Tapi dalam kondisi bebas seperti sekarang,aku hijrah sendiri ke Boyolali. Naik bis dengan jarak tempuh cukup jauh seorang diri adalah pengalaman pertamaku selama 17 tahun menghuni bumi. Aku baru saja lulus dari sebuah SMA.
Tujuanku pergi ke Boyolali tentunya untuk mencari pengalaman baru. Harusnya aku sudah kuliah,merasakan bangku perguruan tinggi. Tapi akibat kegagalanku dalam seleksi SNMPTN yang lalu,dunia perkuliahan itu harus aku tunda sampai tahun depan. Kurangnya persiapan cadangan adalah salah satu penyebabnya. Padahal aku sudah cukup belajar untuk menghadapi SNMPTN ini. Namun persaingan yang cukup ketat itu terjadi. Menurutku ini akibat dari pertumbuhan penduduk Indonesia yang sudah terlalu banyak. Ketidakseimbangan antara bangku yang tersedia dengan
peminat.
 Bukan berarti harus berbanding lurus, jumlah bangku dan peminat tetapi ini memang perbandingan yang cukup jauh. Bayangkan saja untuk jurusan yang aku minati yaitu fakultas ilmu komunikasi aku harus bersaing dengan lima ribu peserta lain sedangkan hanya lima ratus kursi saja yang tersedia. Bagaimana dengan fakultas kedokteran yang dari tahun ke tahun menjadi favorit karena dianggap jaminan masa depan yang baik.
Status ku saat ini memang tidak enak. Pengangguran.

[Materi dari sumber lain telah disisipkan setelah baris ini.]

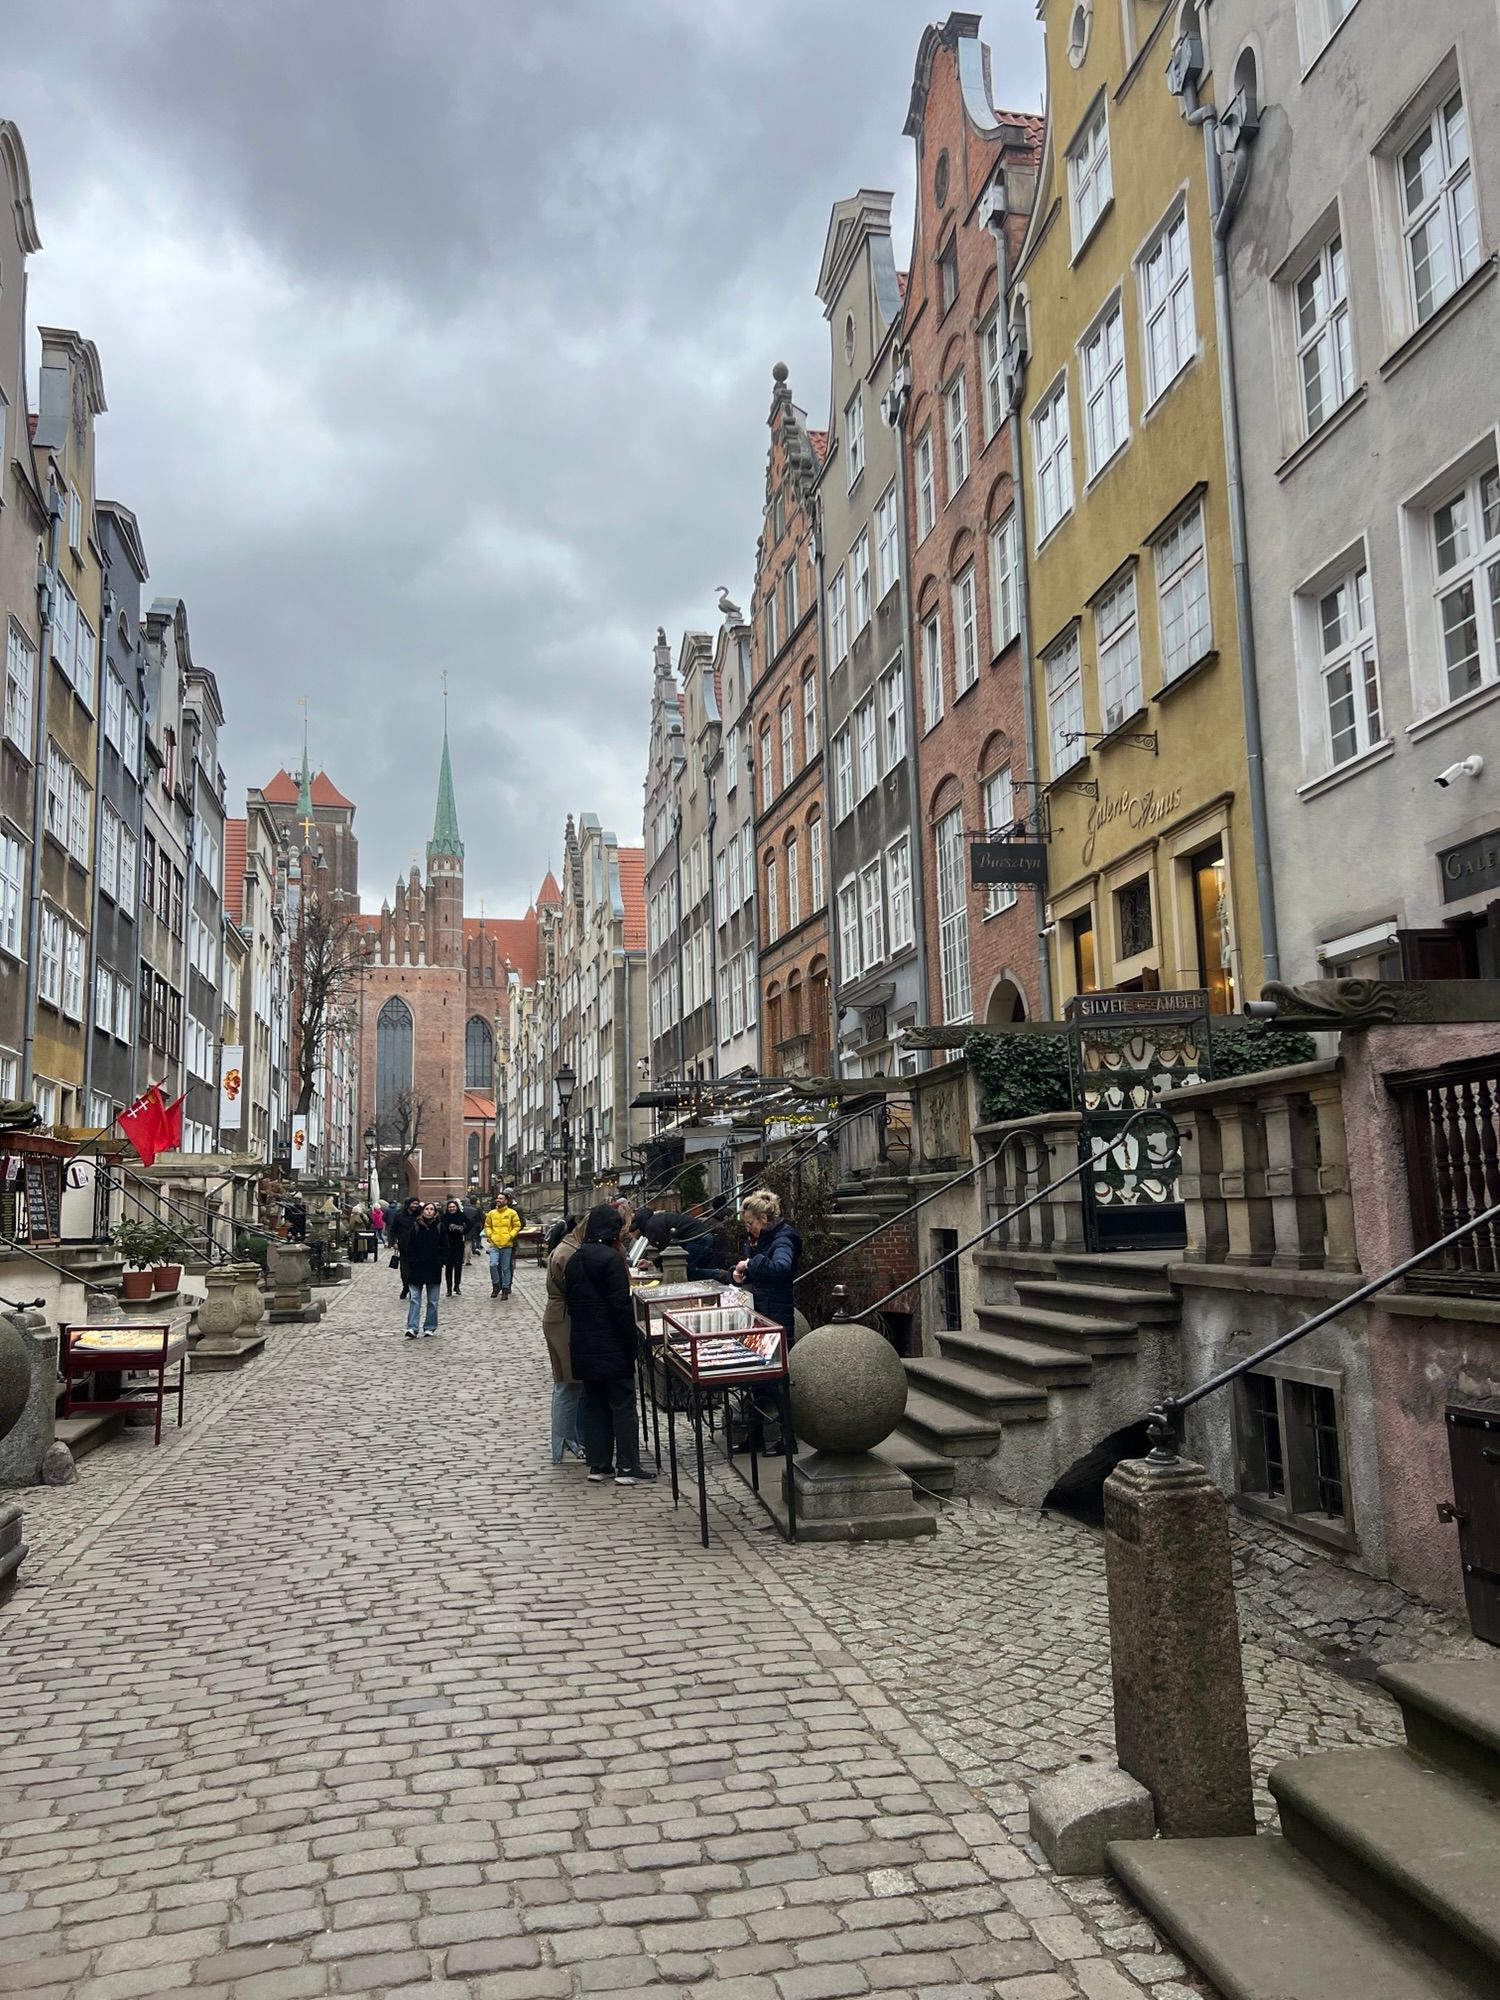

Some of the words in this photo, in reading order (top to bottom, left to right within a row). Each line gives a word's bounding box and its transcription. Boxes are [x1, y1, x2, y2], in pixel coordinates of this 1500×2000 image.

[1083, 787, 1130, 867] Galerie
[1128, 783, 1182, 830] Venus
[975, 851, 1041, 873] Bursztyn
[1446, 847, 1500, 880] GALE
[1081, 999, 1127, 1015] SILVER
[1156, 994, 1205, 1011] AMBER

Eiiitsss tapi aku ke Boyolali kan untuk mencari pekerjaan supaya waktu ku tidak terbuang sia-sia. Lagi pula usia ku masih 17 tahun. Teman-teman seangkatanku sudah berusia 18 tahun. Aku memang terlalu cepat masuk sekolah. Sewaktu kecil aku tidak merasakan pendidikan taman kanak-kanak,orang tua ku bilang karena aku sudah bisa membaca dan menulis aku langsung saja dimasukkan ke sekolah dasar. Semoga setahun masa pencarianku bermanfaat.

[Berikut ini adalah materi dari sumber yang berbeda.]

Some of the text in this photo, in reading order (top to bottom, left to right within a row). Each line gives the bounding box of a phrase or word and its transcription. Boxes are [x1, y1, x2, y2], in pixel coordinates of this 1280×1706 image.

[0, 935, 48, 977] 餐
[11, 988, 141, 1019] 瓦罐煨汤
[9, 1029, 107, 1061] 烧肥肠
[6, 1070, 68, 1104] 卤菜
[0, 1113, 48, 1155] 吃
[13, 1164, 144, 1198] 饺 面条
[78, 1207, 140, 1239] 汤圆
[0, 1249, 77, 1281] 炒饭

            “Mba Ayuuuu antar bulek ke pasar yu....!” terdengar suara bulek mengajakku dengan volume agak keras dari dapur.
Aku sedikit berlari kecil menghampiri bulek. Saat itu aku sedang berada di depan rumah menemani Fa’i adik sepupuku yang sedang bermain dengan mobil-mobilannya sembari membaca sebuah buku yang kubawa yang menceritakan kehidupan ronggeng yang tinggal di sebuah dukuh.

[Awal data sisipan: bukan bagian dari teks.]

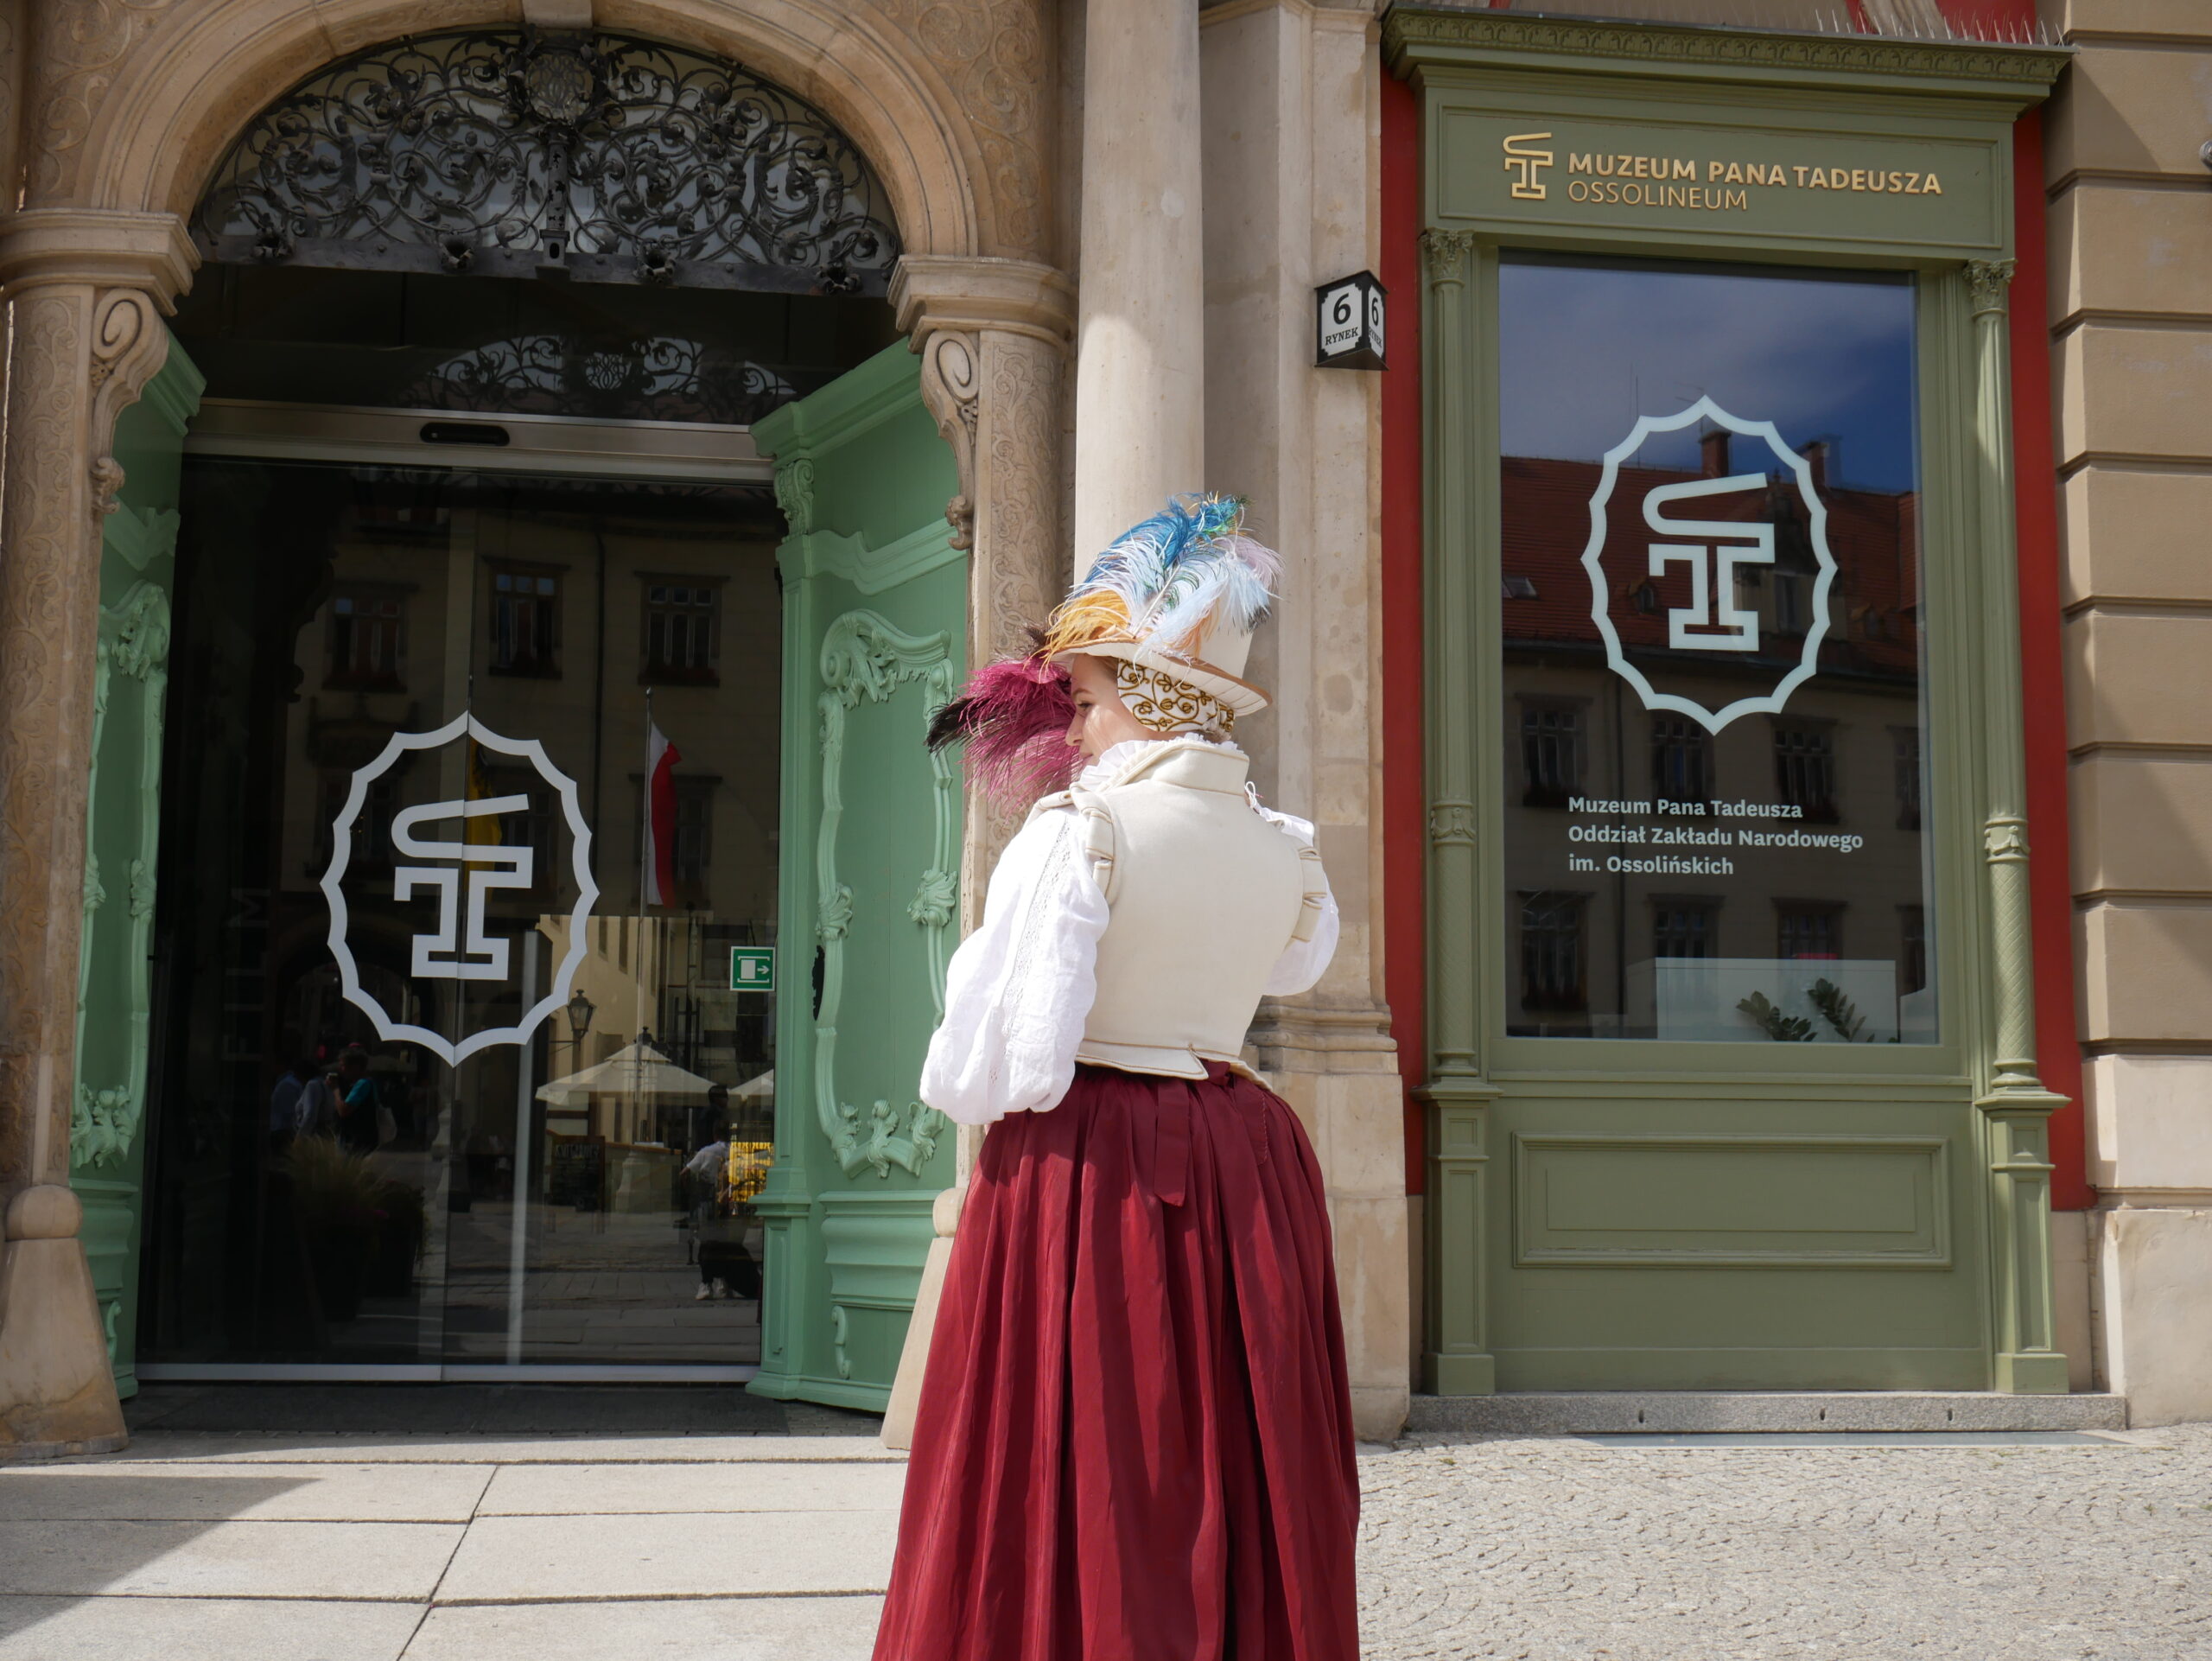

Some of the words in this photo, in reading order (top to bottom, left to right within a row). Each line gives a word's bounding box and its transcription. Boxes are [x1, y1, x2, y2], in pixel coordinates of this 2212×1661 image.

[1568, 153, 1696, 181] MUZEUM
[1707, 161, 1787, 186] PANA
[1793, 165, 1942, 194] TADEUSZA
[1568, 181, 1747, 210] OSSOLINEUM
[1333, 293, 1351, 324] 6
[1371, 296, 1378, 327] 6
[1325, 327, 1358, 346] RYNEK
[1568, 797, 1651, 814] Muzeum
[1657, 799, 1706, 816] Pana
[1711, 799, 1803, 818] Tadeusza
[1568, 825, 1646, 843] Oddział
[1651, 827, 1732, 846] Zakładu
[1738, 830, 1863, 853] Narodowego
[1568, 854, 1600, 872] im.
[1606, 856, 1734, 875] Ossolińskich

            “Antar kemana bulek? Naik motor?” tanyaku karena suara bulek tadi tidak begitu jelas.
            “ke pasar senggol. Nanti bulek tunjukkan jalannya. Iya naik motor. Bisa bawa motor kan?”.
            “bisa bulek” jawabku.
            Aku segera mengambil kunci motor yang tergeletak di meja dekat tv di rumah bulek. Bulek adalah adik perempuan mama. Bisa juga dipanggil tante tapi kami tidak terbiasa. Bulek dan suaminya juga kedua anaknya memang tinggal bersama simbok dan mbah bi. Simbok itu nenekku. Sebenarnya dalam bahasa jawa kata ‘Simbok’ memiliki arti ibu. Tapi kami cucu-cucu nya terbawa oleh orang tua kami memanggil nenekku dengan sebutan simbok. Mbah bi,ya beliau adalah kakekku.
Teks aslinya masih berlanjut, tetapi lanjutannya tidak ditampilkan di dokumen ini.